**What you will do**.
Look below for the line with "this 1717×1080 image.", then give it again exactly, along with every line that comes after it, the final line included.

**Data for processing**.
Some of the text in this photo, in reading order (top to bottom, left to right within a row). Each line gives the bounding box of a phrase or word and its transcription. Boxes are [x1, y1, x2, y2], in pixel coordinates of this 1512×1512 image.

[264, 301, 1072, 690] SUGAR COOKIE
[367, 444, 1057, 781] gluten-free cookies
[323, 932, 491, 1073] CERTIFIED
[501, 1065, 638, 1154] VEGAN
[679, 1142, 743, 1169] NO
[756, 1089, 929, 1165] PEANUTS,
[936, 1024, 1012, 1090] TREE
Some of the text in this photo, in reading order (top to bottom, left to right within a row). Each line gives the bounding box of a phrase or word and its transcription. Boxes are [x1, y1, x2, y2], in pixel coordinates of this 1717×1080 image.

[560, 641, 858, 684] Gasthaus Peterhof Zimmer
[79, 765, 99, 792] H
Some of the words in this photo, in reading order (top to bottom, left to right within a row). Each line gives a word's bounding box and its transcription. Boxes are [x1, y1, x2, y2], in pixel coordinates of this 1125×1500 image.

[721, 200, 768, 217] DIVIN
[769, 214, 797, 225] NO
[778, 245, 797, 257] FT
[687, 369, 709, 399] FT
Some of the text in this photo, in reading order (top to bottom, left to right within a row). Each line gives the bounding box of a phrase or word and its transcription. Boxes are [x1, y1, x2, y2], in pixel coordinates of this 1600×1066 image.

**Solved problem**.
Some of the text in this photo, in reading order (top to bottom, left to right within a row). Each line gives the bounding box of a phrase or word and its transcription. Boxes are [x1, y1, x2, y2], in pixel coordinates of this 1717×1080 image.

[560, 641, 858, 684] Gasthaus Peterhof Zimmer
[79, 765, 99, 792] H
Some of the words in this photo, in reading order (top to bottom, left to right within a row). Each line gives a word's bounding box and its transcription. Boxes are [x1, y1, x2, y2], in pixel coordinates of this 1125×1500 image.

[721, 200, 768, 217] DIVIN
[769, 214, 797, 225] NO
[778, 245, 797, 257] FT
[687, 369, 709, 399] FT
Some of the text in this photo, in reading order (top to bottom, left to right within a row). Each line gives the bounding box of a phrase or word and its transcription. Boxes are [x1, y1, x2, y2], in pixel coordinates of this 1600×1066 image.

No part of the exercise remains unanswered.